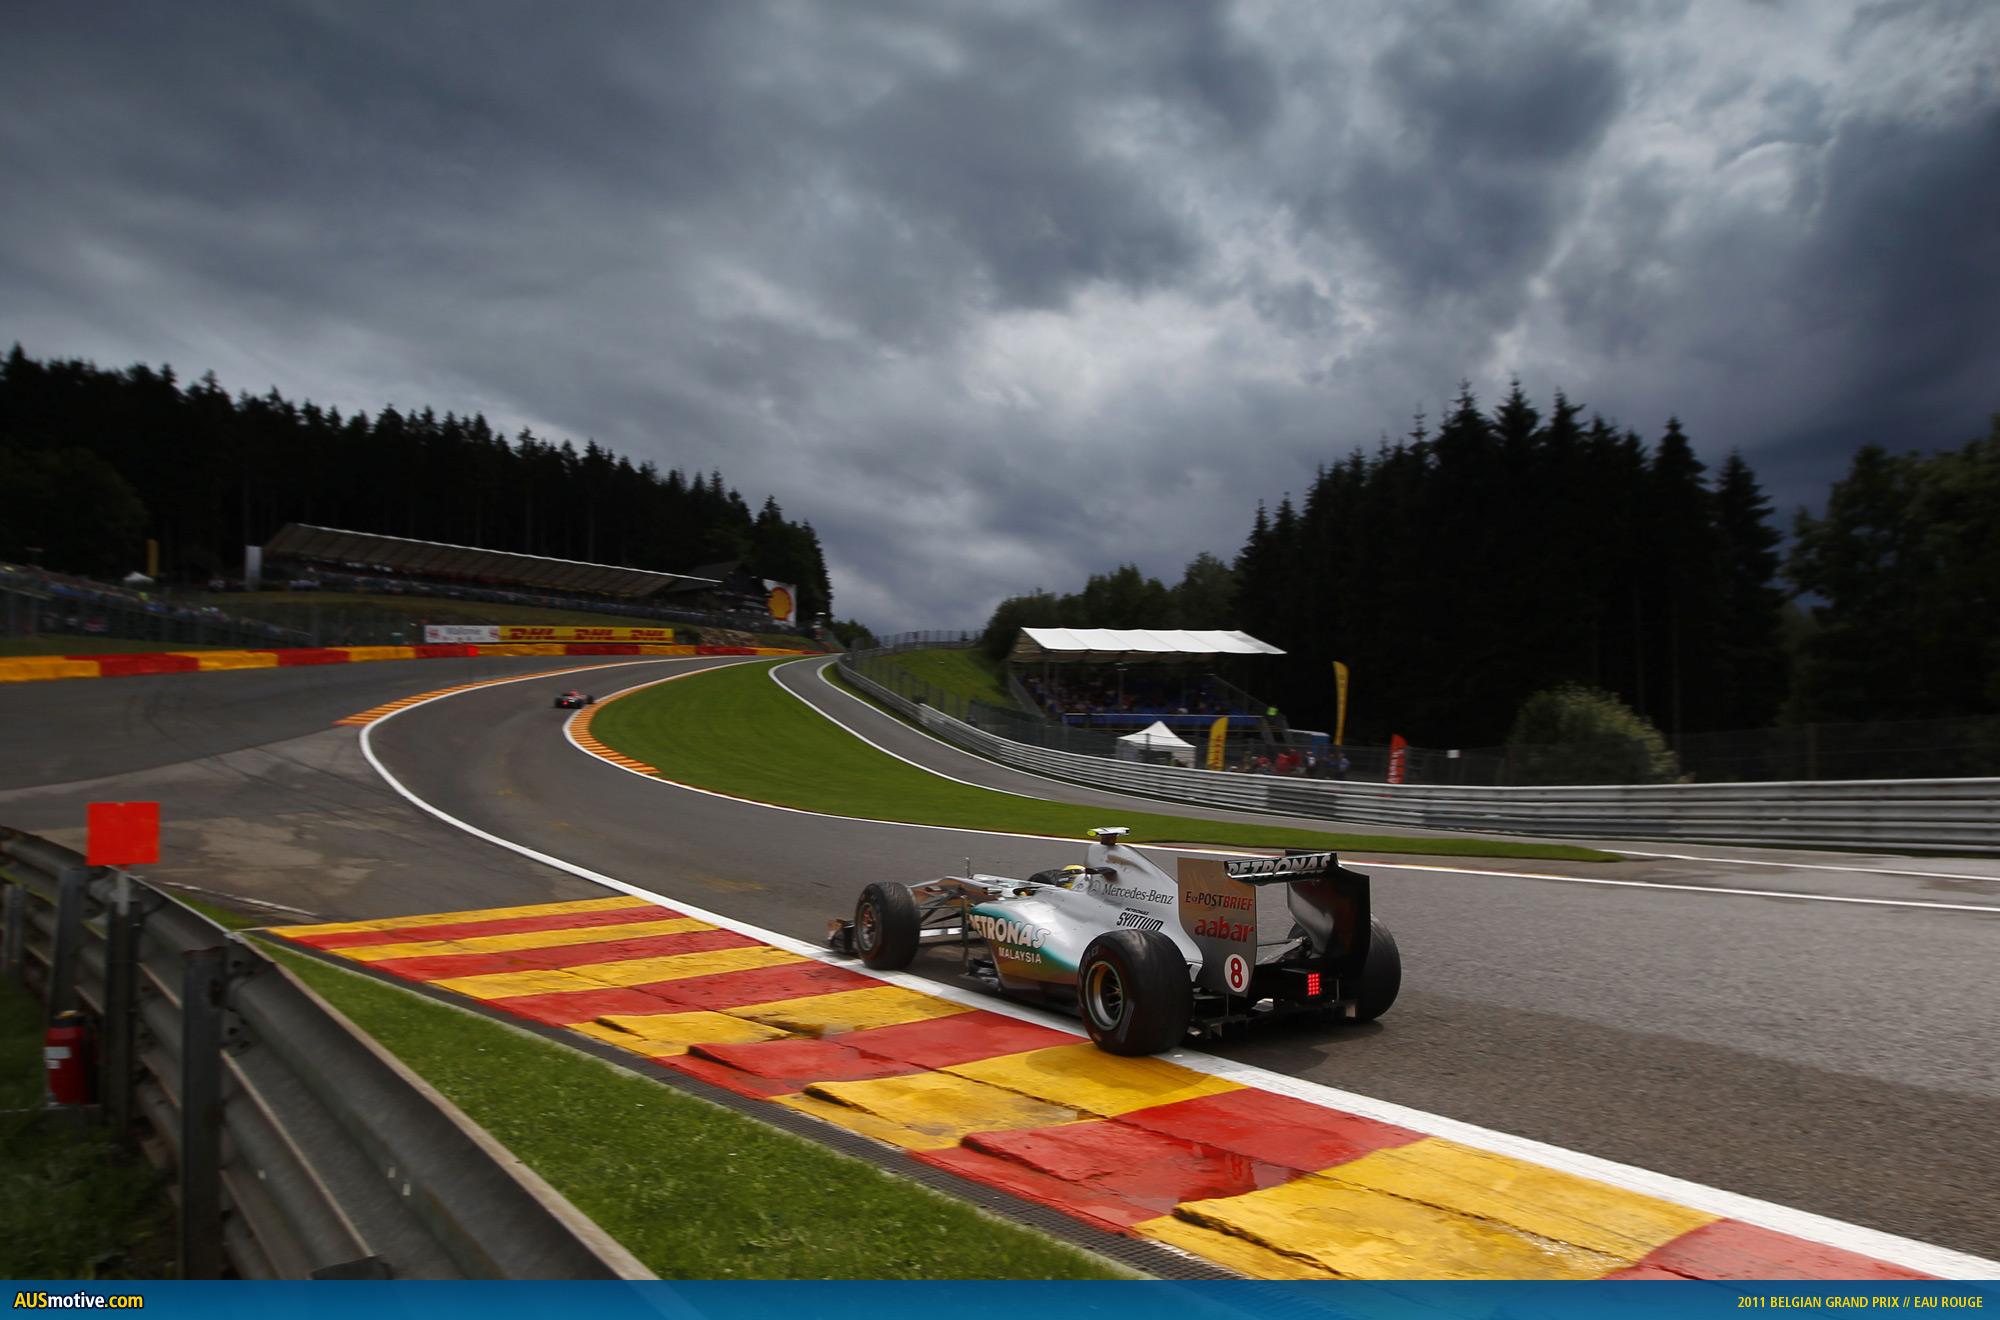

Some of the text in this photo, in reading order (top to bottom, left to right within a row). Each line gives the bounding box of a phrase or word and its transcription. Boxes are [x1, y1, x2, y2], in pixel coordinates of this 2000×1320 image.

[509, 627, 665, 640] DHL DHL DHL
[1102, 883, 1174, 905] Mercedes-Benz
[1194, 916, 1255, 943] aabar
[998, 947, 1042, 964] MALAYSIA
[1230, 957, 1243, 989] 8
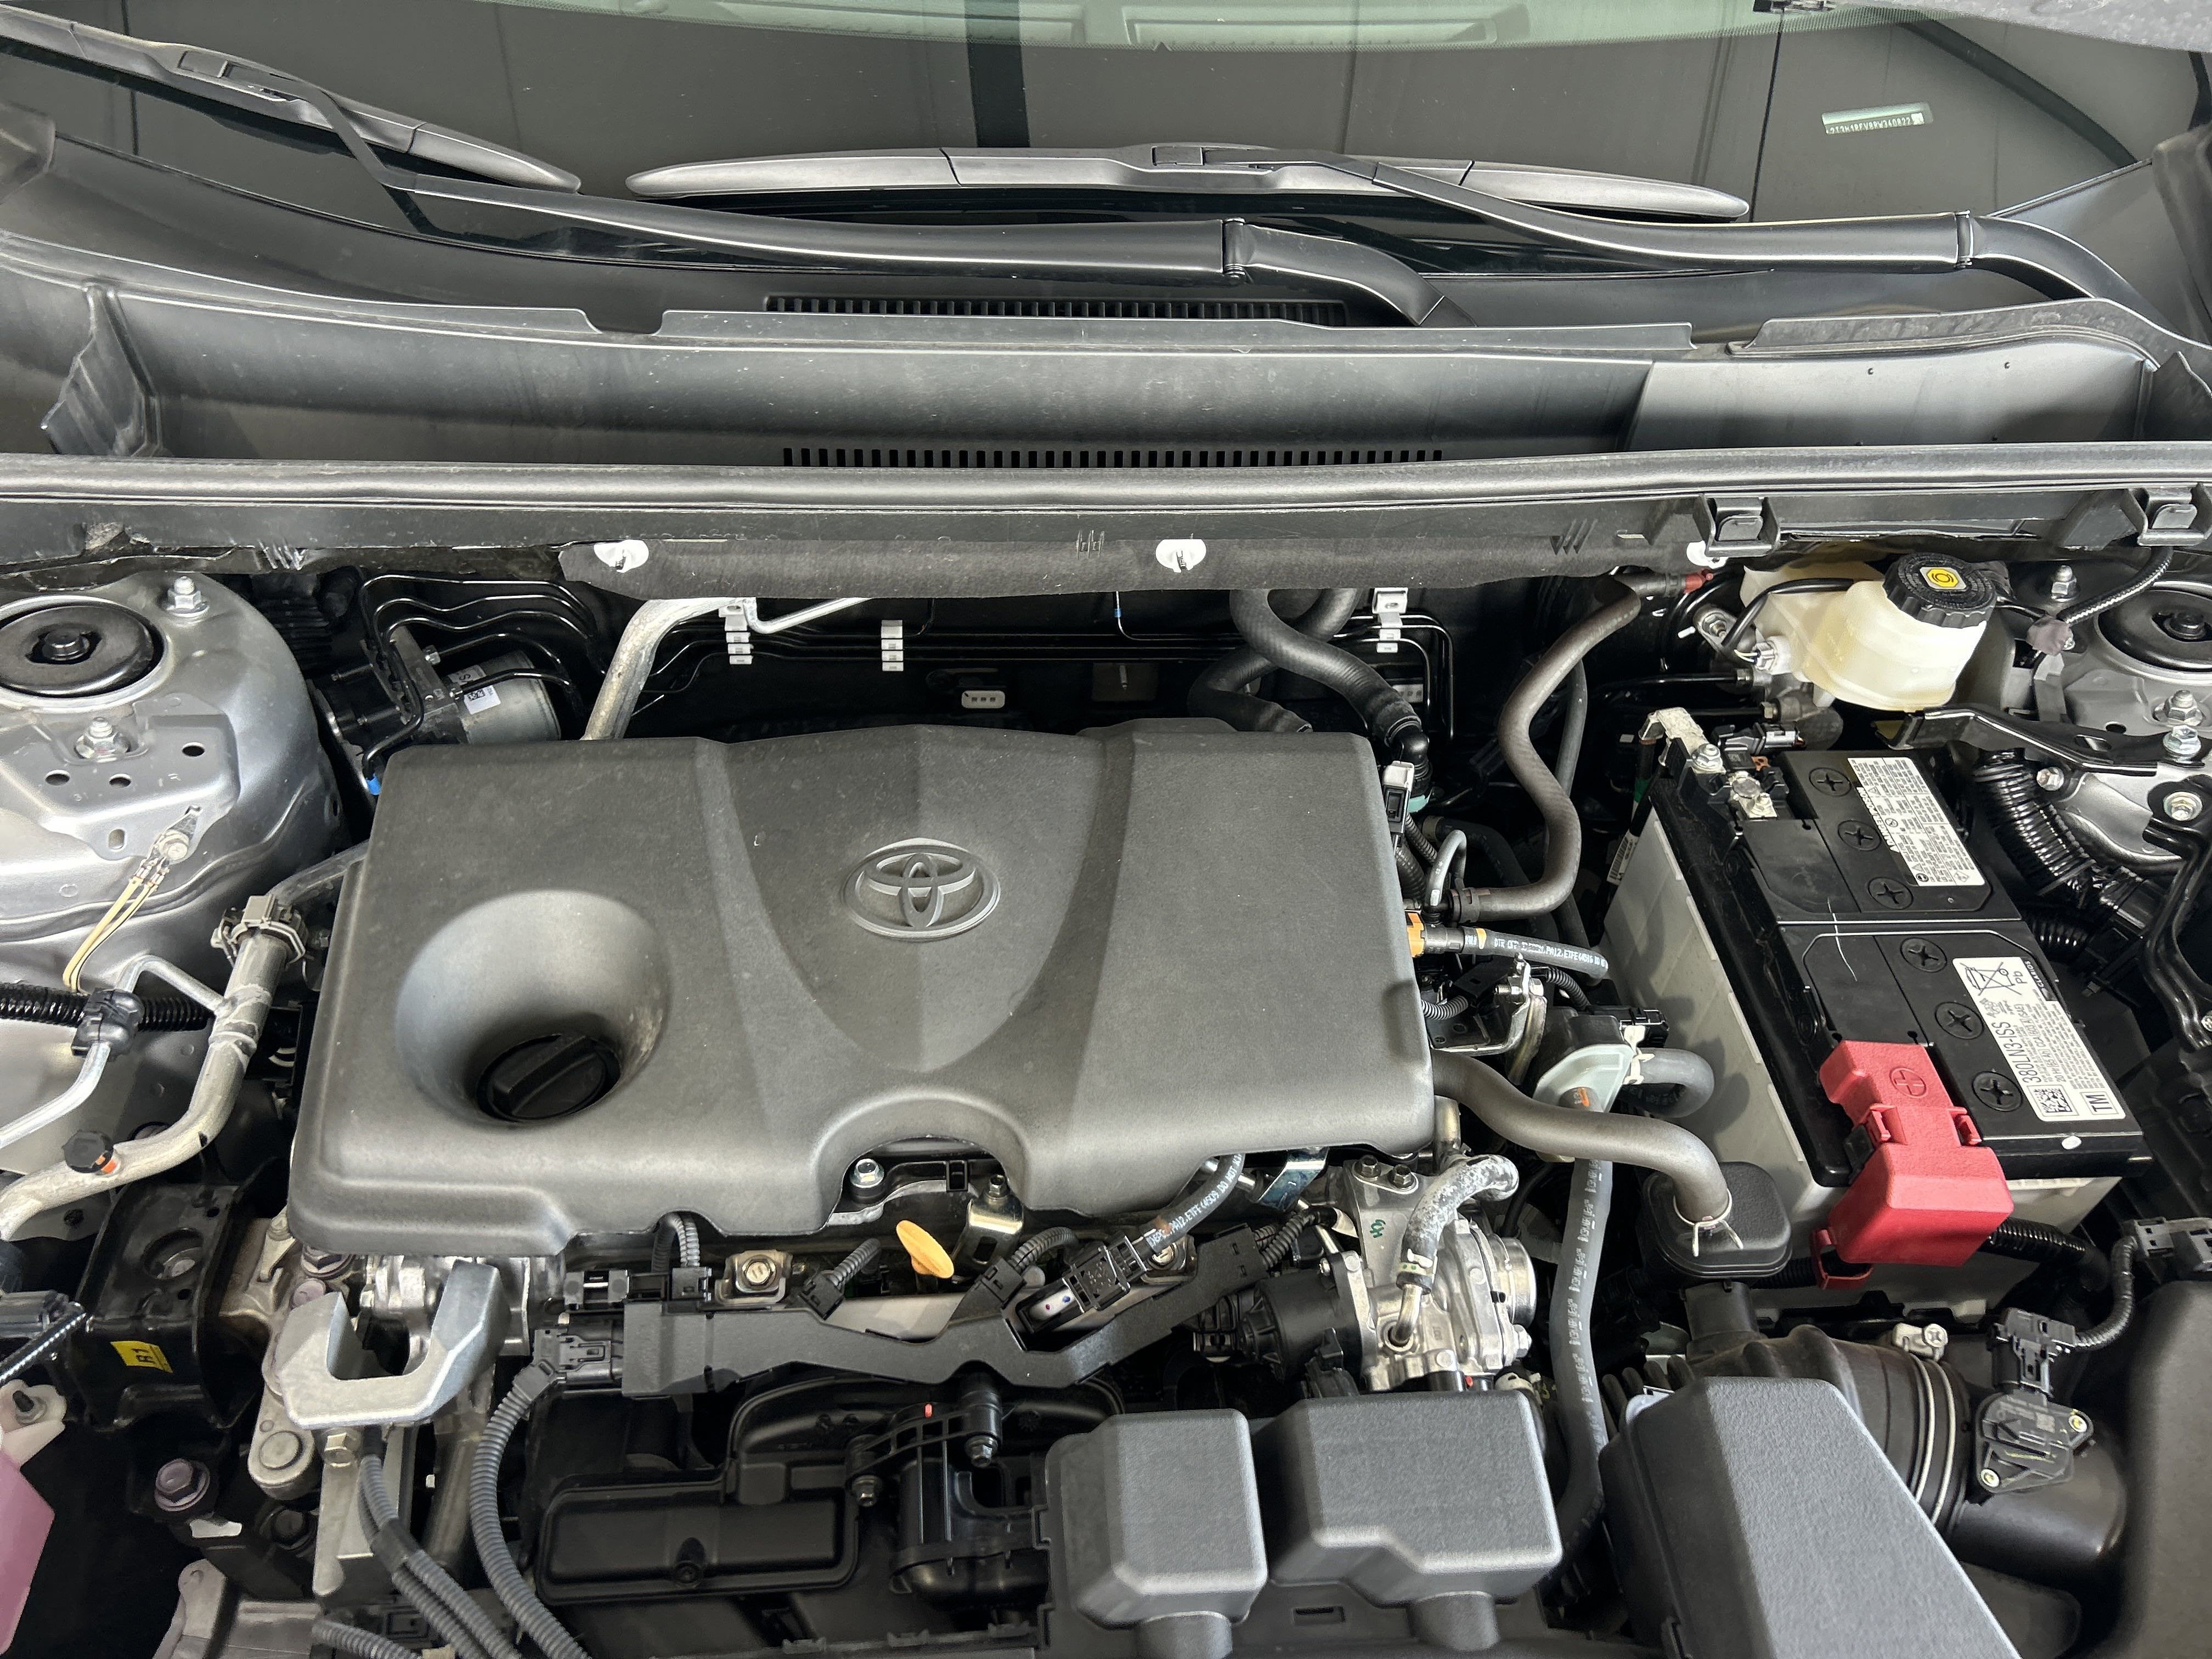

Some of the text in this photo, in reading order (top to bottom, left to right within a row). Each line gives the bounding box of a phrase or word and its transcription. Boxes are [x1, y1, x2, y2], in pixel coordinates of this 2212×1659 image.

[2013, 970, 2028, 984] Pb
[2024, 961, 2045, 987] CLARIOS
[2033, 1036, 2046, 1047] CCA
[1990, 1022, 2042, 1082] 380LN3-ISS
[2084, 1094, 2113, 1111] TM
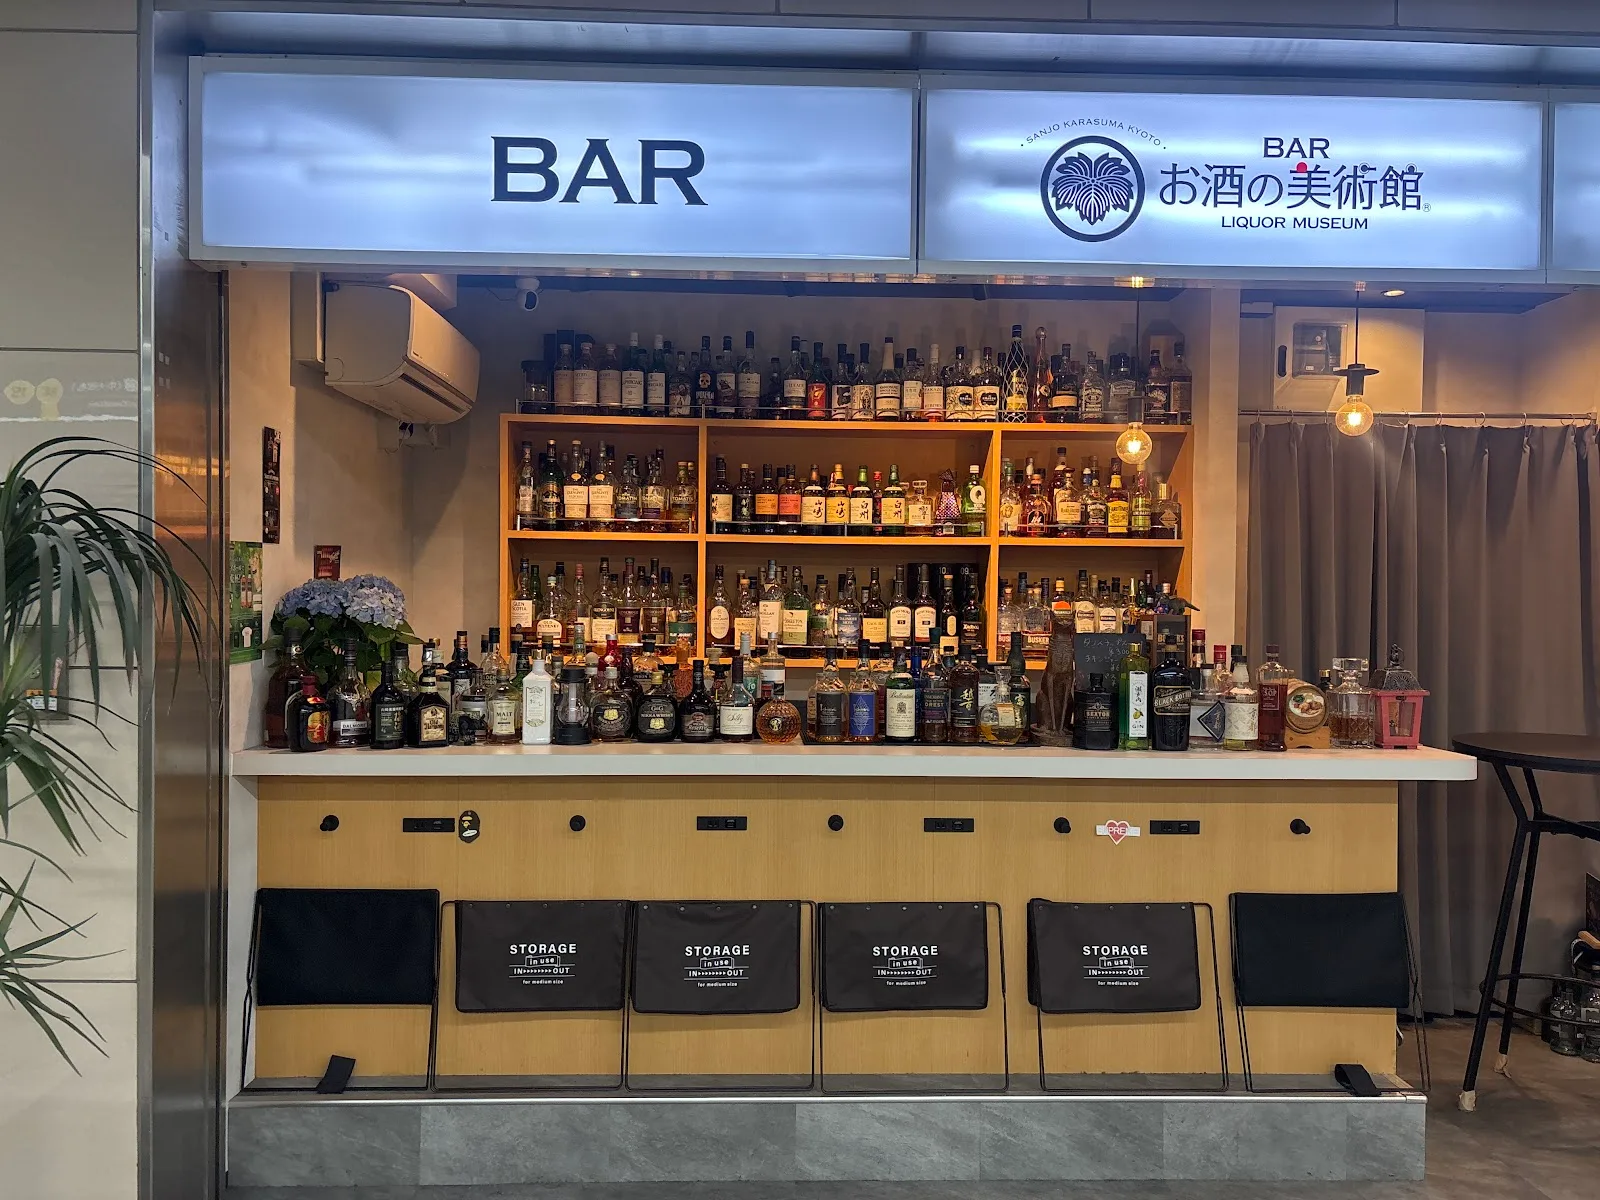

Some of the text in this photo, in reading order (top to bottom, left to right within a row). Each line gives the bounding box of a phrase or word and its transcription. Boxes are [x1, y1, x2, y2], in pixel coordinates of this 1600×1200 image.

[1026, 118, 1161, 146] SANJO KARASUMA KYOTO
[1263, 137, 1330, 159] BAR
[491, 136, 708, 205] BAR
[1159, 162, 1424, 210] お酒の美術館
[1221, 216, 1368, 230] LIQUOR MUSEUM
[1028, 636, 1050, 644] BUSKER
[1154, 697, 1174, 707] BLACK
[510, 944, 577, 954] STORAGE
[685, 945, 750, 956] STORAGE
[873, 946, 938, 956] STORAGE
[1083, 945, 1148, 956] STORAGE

———

WORK REQUEST
Copy the material exactly as written and leave every picture behind.

OUTPUT OF THE EXERCISE
Some of the text in this photo, in reading order (top to bottom, left to right within a row). Each line gives the bounding box of a phrase or word and its transcription. Boxes are [x1, y1, x2, y2], in pixel coordinates of this 2000×1320 image.

[509, 627, 665, 640] DHL DHL DHL
[1102, 883, 1174, 905] Mercedes-Benz
[1194, 916, 1255, 943] aabar
[998, 947, 1042, 964] MALAYSIA
[1230, 957, 1243, 989] 8

Some of the text in this photo, in reading order (top to bottom, left to right within a row). Each line gives the bounding box of a phrase or word and its transcription. Boxes are [x1, y1, x2, y2], in pixel coordinates of this 2212×1659 image.

[2013, 970, 2028, 984] Pb
[2024, 961, 2045, 987] CLARIOS
[2033, 1036, 2046, 1047] CCA
[1990, 1022, 2042, 1082] 380LN3-ISS
[2084, 1094, 2113, 1111] TM

Some of the text in this photo, in reading order (top to bottom, left to right within a row). Each line gives the bounding box of a phrase or word and its transcription. Boxes are [x1, y1, x2, y2], in pixel coordinates of this 1600×1200 image.

[1026, 118, 1161, 146] SANJO KARASUMA KYOTO
[1263, 137, 1330, 159] BAR
[491, 136, 708, 205] BAR
[1159, 162, 1424, 210] お酒の美術館
[1221, 216, 1368, 230] LIQUOR MUSEUM
[1028, 636, 1050, 644] BUSKER
[1154, 697, 1174, 707] BLACK
[510, 944, 577, 954] STORAGE
[685, 945, 750, 956] STORAGE
[873, 946, 938, 956] STORAGE
[1083, 945, 1148, 956] STORAGE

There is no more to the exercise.